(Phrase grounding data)
——————————

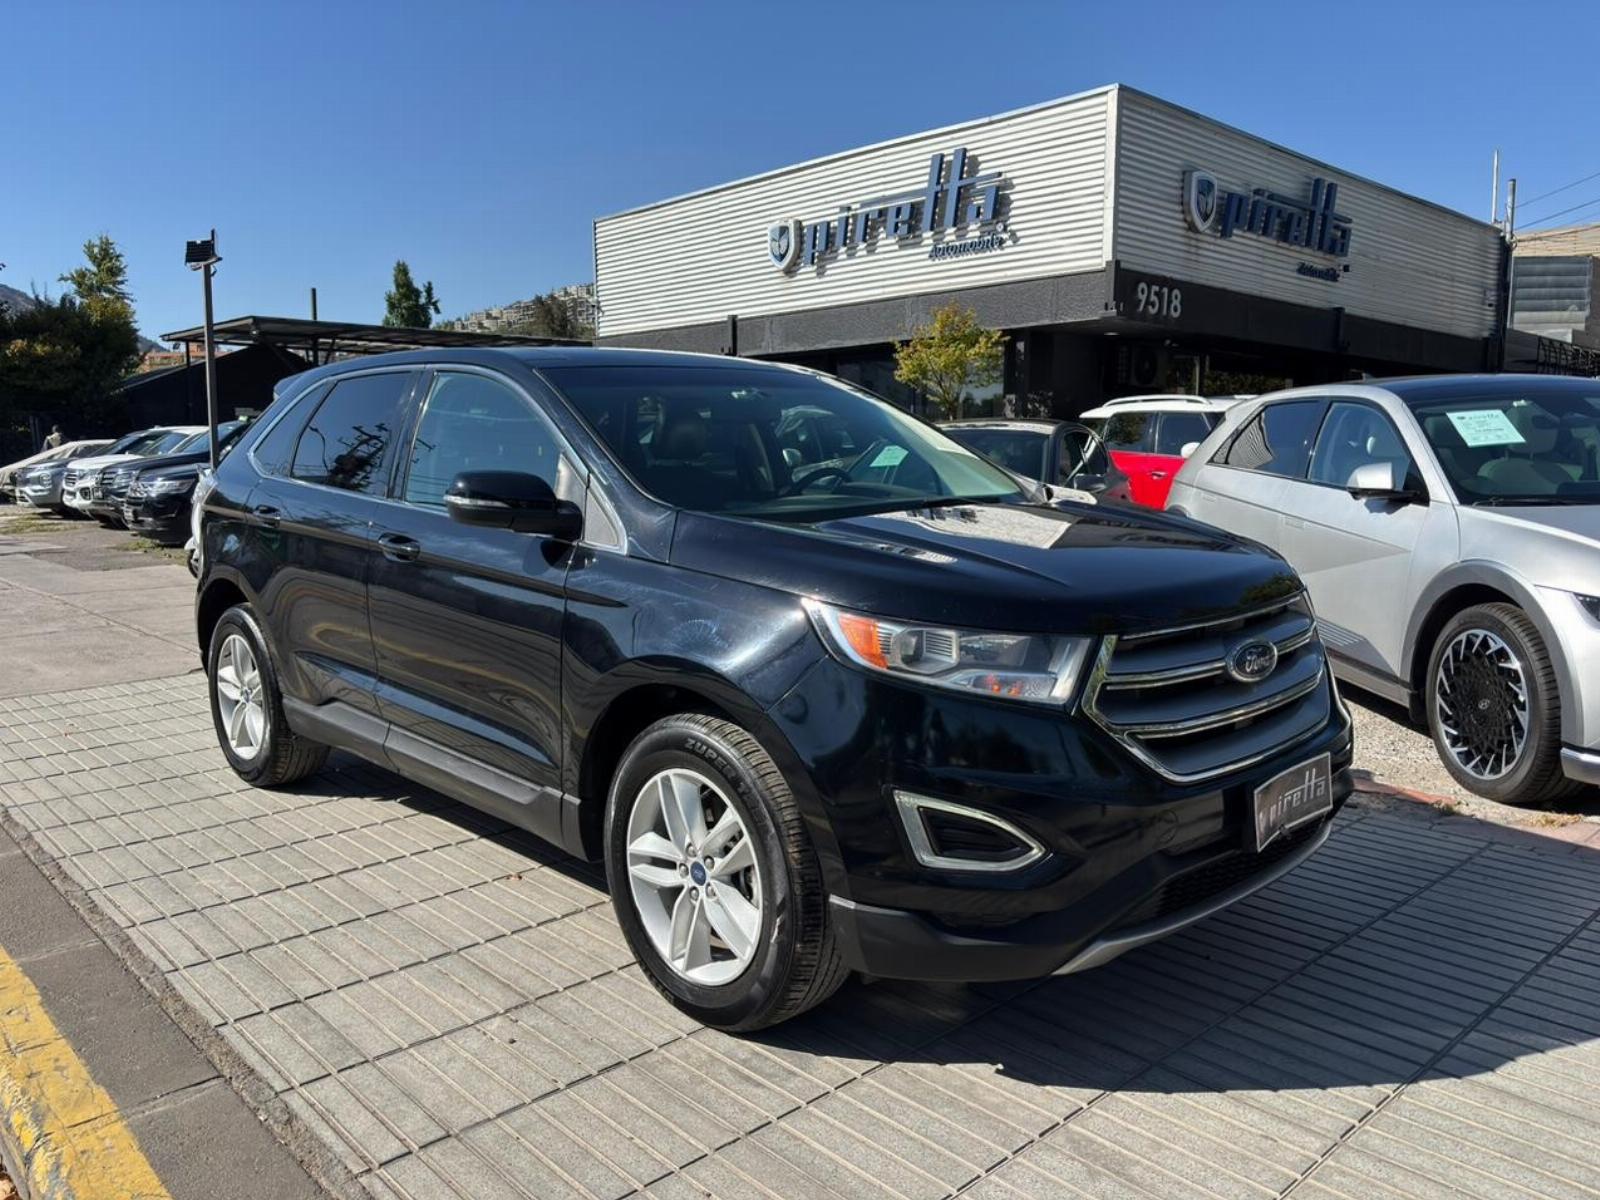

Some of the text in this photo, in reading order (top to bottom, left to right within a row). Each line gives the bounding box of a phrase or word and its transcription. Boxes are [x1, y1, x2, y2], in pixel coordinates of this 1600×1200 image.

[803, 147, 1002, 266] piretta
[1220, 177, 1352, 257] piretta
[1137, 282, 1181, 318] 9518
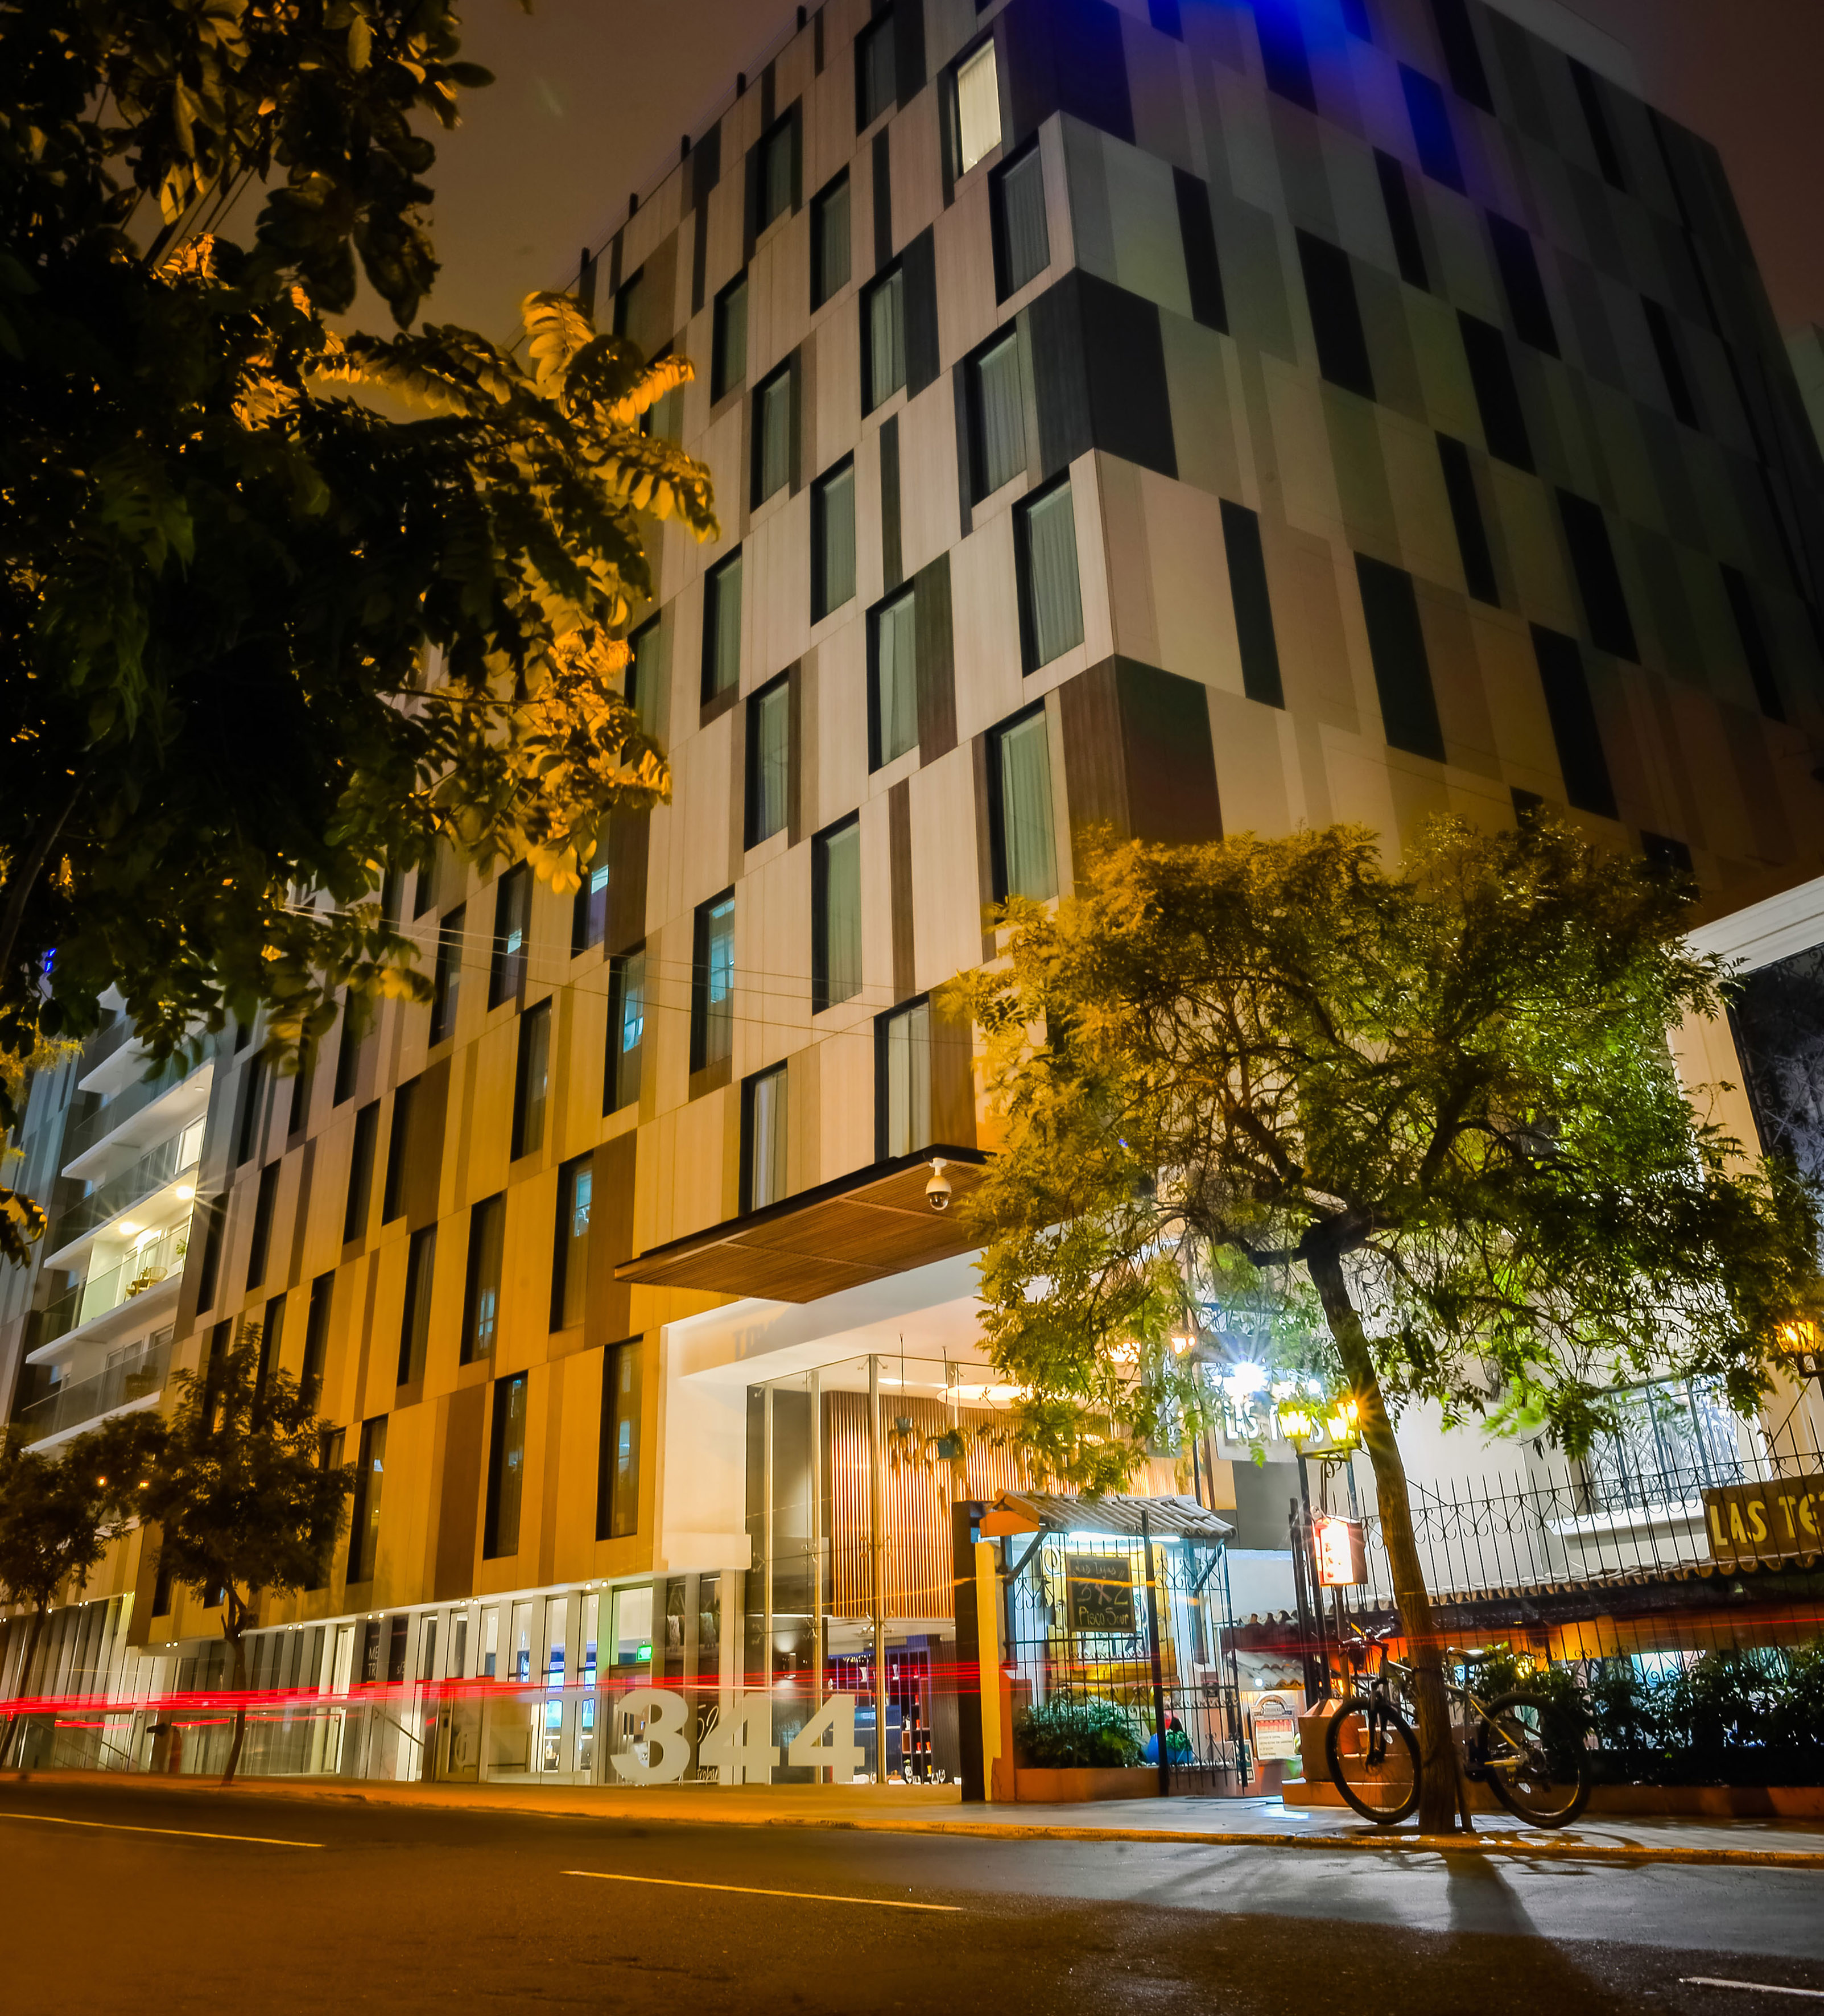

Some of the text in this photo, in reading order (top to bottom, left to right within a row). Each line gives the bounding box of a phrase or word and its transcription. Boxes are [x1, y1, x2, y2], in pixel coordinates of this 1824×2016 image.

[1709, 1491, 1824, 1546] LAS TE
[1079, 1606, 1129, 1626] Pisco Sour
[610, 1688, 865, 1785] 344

——————————

▶ YOUR ASSIGNMENT:
Every line from the one containing "this 1824×2016 image." through the end of the data must be repeated exactly, and no other line.

▶ TASK RESPONSE:
Some of the text in this photo, in reading order (top to bottom, left to right within a row). Each line gives the bounding box of a phrase or word and its transcription. Boxes are [x1, y1, x2, y2], in pixel coordinates of this 1824×2016 image.

[1709, 1491, 1824, 1546] LAS TE
[1079, 1606, 1129, 1626] Pisco Sour
[610, 1688, 865, 1785] 344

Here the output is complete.